"""

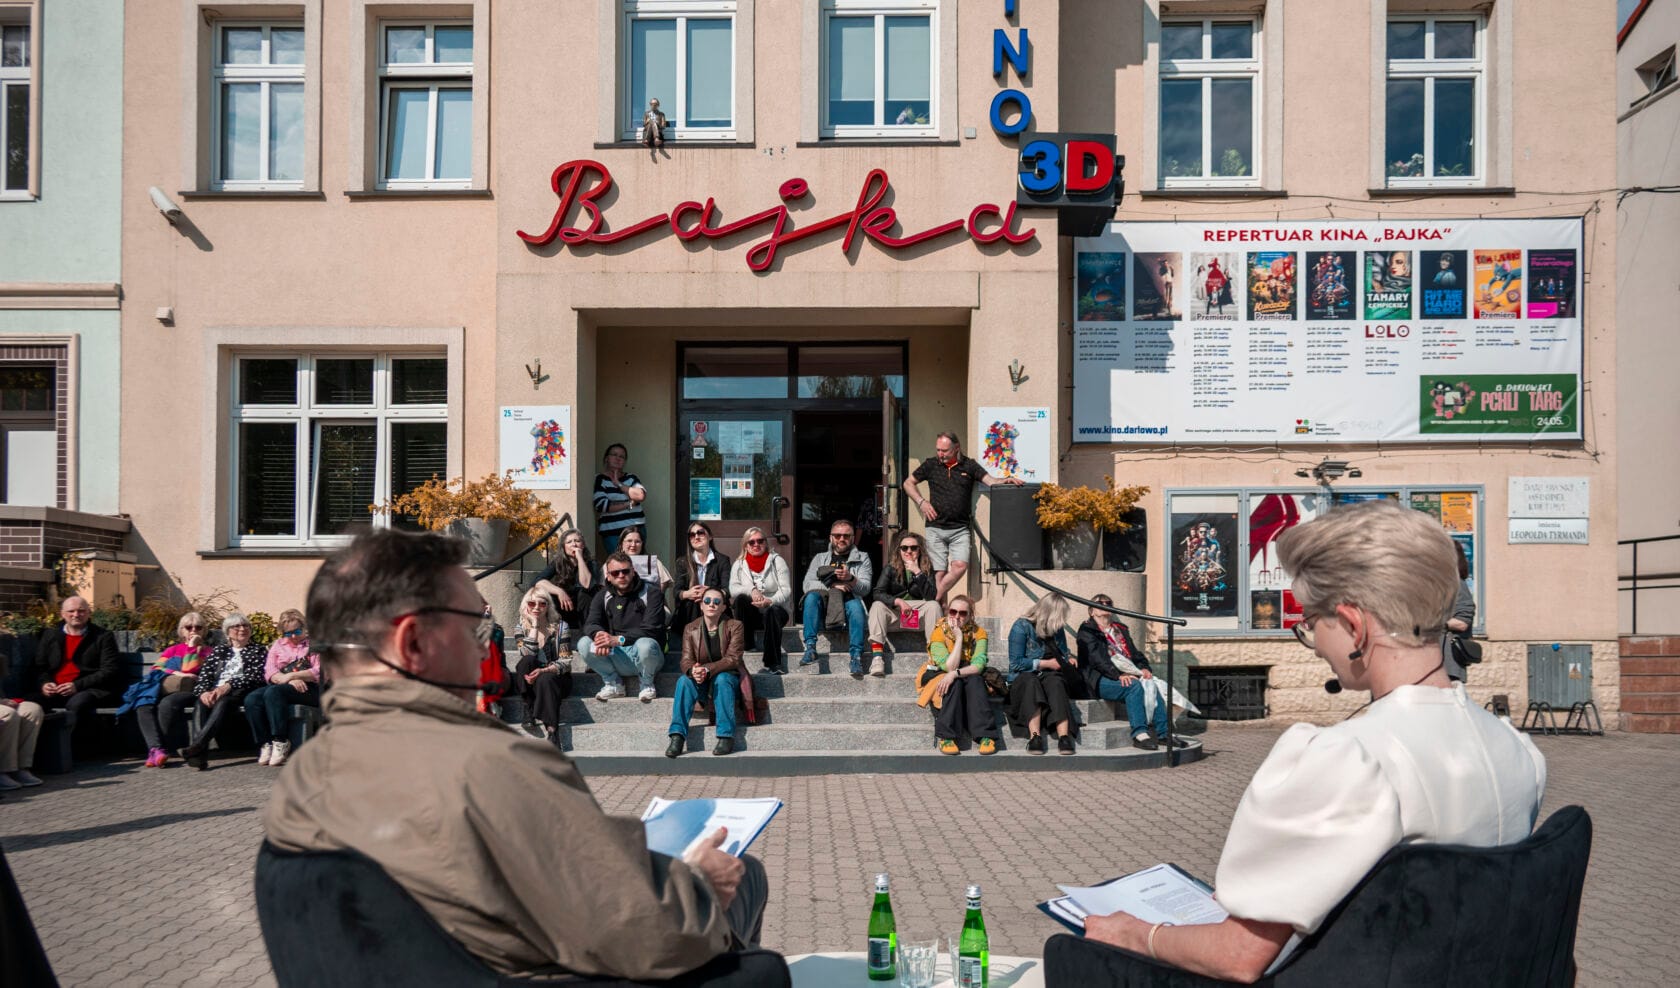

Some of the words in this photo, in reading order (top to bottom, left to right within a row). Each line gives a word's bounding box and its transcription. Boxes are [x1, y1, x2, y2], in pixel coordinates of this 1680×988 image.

[1018, 140, 1115, 194] 3D
[517, 159, 1036, 271] Bajka
[1203, 228, 1313, 242] REPERTUAR
[1320, 228, 1368, 241] KINA
[1366, 293, 1409, 302] TAMARY
[1365, 324, 1410, 338] LOLO
[1481, 391, 1519, 411] PCHLI
[1528, 391, 1563, 411] TARG
[1511, 531, 1547, 540] LEOPOLDA
[1549, 531, 1586, 540] TYRMANDA
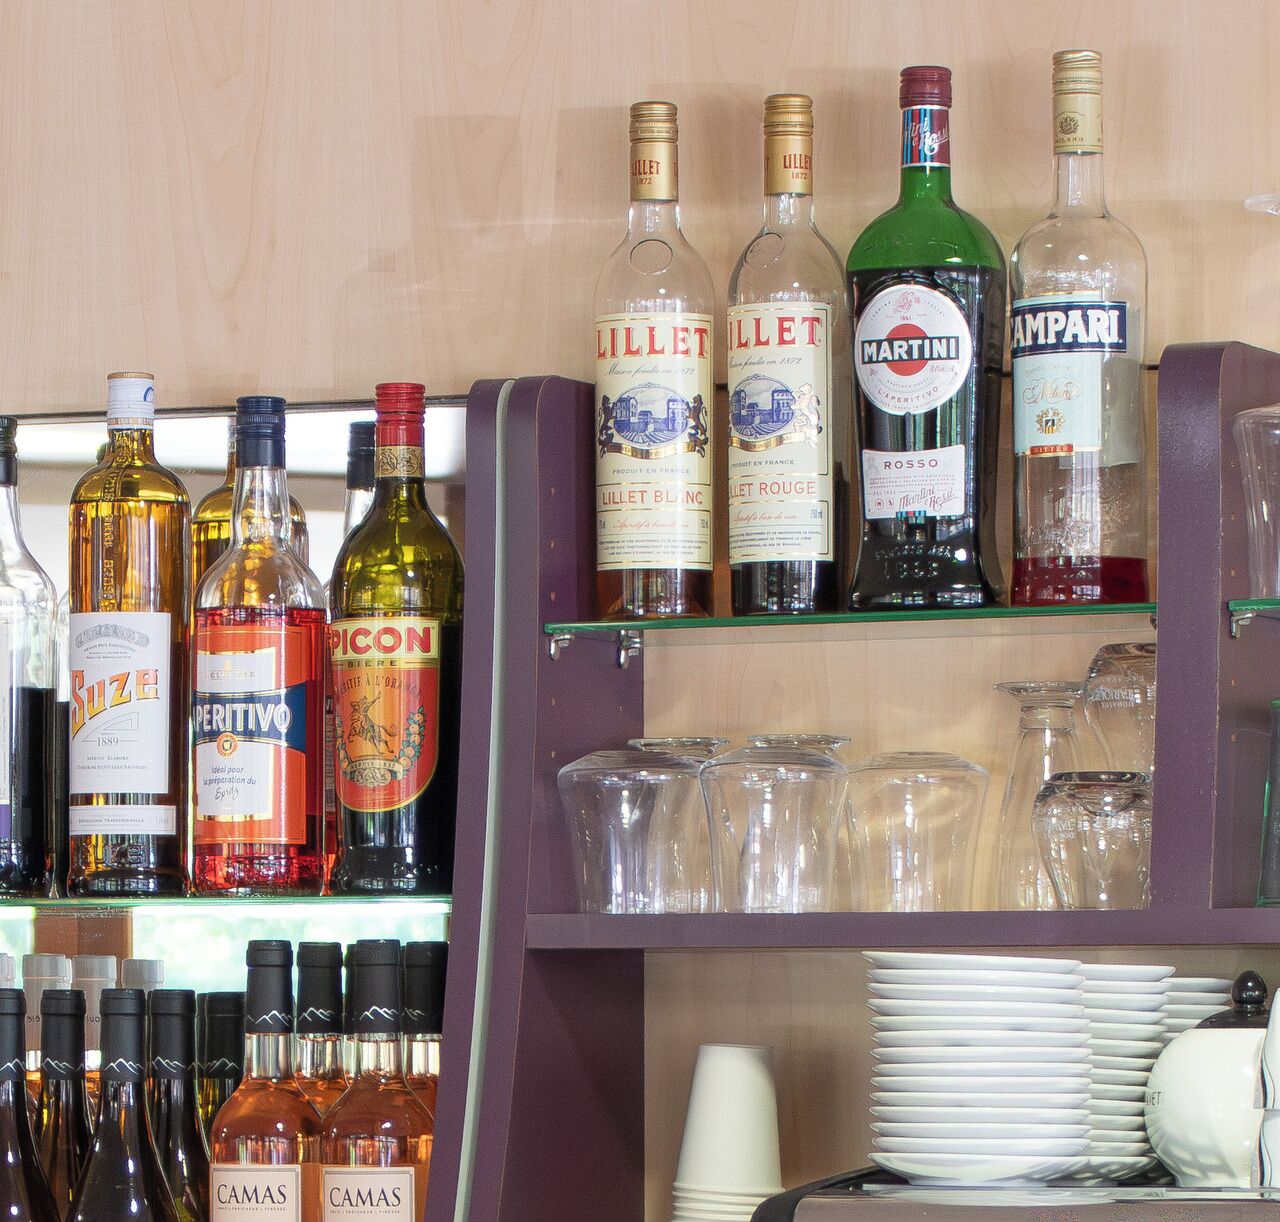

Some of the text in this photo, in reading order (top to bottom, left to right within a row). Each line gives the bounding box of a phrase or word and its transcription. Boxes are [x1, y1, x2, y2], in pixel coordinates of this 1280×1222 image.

[729, 317, 822, 350] ILLET
[1011, 309, 1122, 348] AMPARI
[597, 326, 708, 359] LILLET
[863, 338, 957, 361] MARTINI
[780, 357, 802, 365] 1872
[883, 458, 938, 470] ROSSO
[602, 490, 648, 505] LILLET
[759, 481, 817, 496] ROUGE
[331, 626, 432, 657] PICON
[71, 668, 160, 740] Suze
[96, 737, 119, 747] 1889
[208, 776, 257, 788] préparation du
[226, 766, 245, 777] pour
[217, 1183, 287, 1205] CAMAS
[329, 1186, 401, 1208] CAMAS
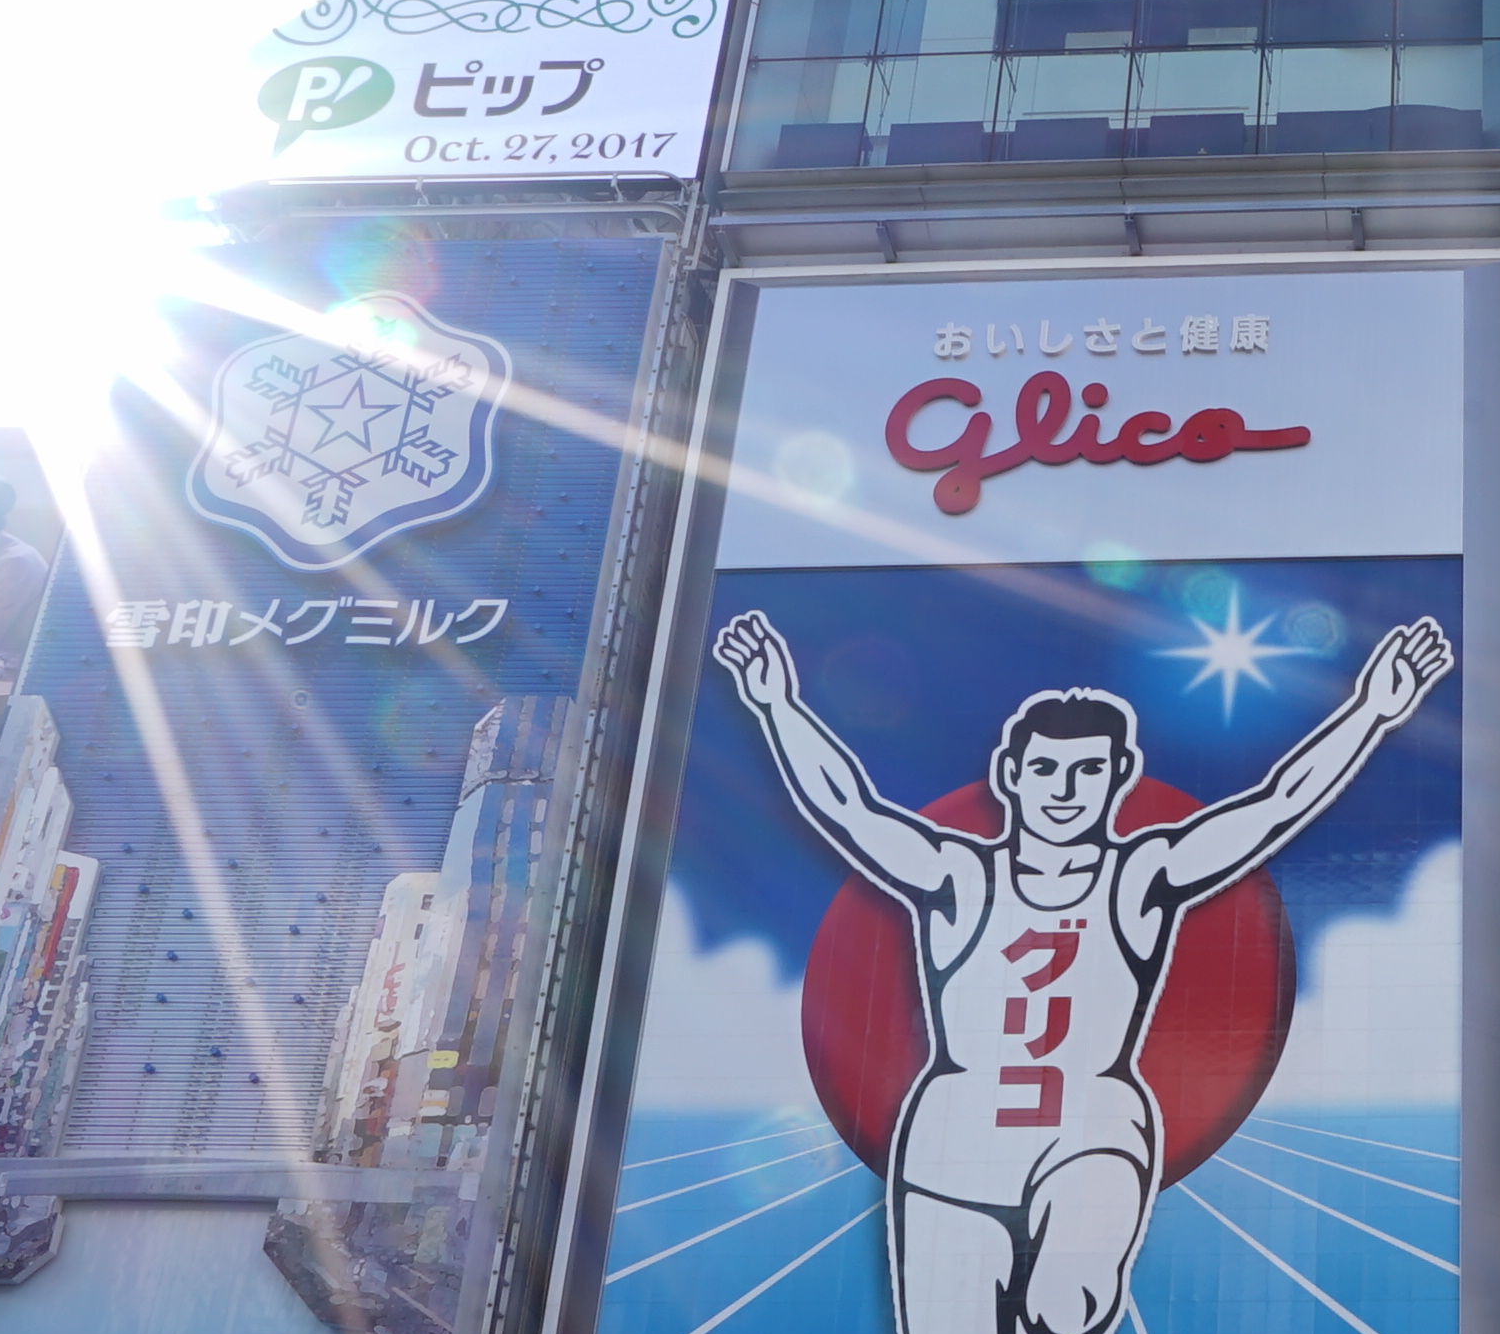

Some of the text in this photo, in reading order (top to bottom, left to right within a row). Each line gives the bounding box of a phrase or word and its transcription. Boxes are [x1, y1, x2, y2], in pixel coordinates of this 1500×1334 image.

[412, 57, 605, 118] ピップ
[405, 132, 679, 165] Oct. 27, 2017
[933, 314, 1271, 359] おいしさと健康
[105, 598, 509, 648] 雪印メグミルク
[995, 919, 1088, 1128] グリコ

"""

▶ [Work order] Could you please repeat the entries above exactly, with every picture left out?

▶ [Answer section]
Some of the words in this photo, in reading order (top to bottom, left to right within a row). Each line gives a word's bounding box and its transcription. Boxes are [x1, y1, x2, y2], in pixel coordinates of this 1680×988 image.

[1018, 140, 1115, 194] 3D
[517, 159, 1036, 271] Bajka
[1203, 228, 1313, 242] REPERTUAR
[1320, 228, 1368, 241] KINA
[1366, 293, 1409, 302] TAMARY
[1365, 324, 1410, 338] LOLO
[1481, 391, 1519, 411] PCHLI
[1528, 391, 1563, 411] TARG
[1511, 531, 1547, 540] LEOPOLDA
[1549, 531, 1586, 540] TYRMANDA

Some of the text in this photo, in reading order (top to bottom, left to right within a row). Each line gives the bounding box of a phrase or word and its transcription. Boxes are [x1, y1, x2, y2], in pixel coordinates of this 1280×1222 image.

[729, 317, 822, 350] ILLET
[1011, 309, 1122, 348] AMPARI
[597, 326, 708, 359] LILLET
[863, 338, 957, 361] MARTINI
[780, 357, 802, 365] 1872
[883, 458, 938, 470] ROSSO
[602, 490, 648, 505] LILLET
[759, 481, 817, 496] ROUGE
[331, 626, 432, 657] PICON
[71, 668, 160, 740] Suze
[96, 737, 119, 747] 1889
[208, 776, 257, 788] préparation du
[226, 766, 245, 777] pour
[217, 1183, 287, 1205] CAMAS
[329, 1186, 401, 1208] CAMAS

Some of the text in this photo, in reading order (top to bottom, left to right within a row). Each line gives the bounding box of a phrase or word and its transcription. Boxes are [x1, y1, x2, y2], in pixel coordinates of this 1500×1334 image.

[412, 57, 605, 118] ピップ
[405, 132, 679, 165] Oct. 27, 2017
[933, 314, 1271, 359] おいしさと健康
[105, 598, 509, 648] 雪印メグミルク
[995, 919, 1088, 1128] グリコ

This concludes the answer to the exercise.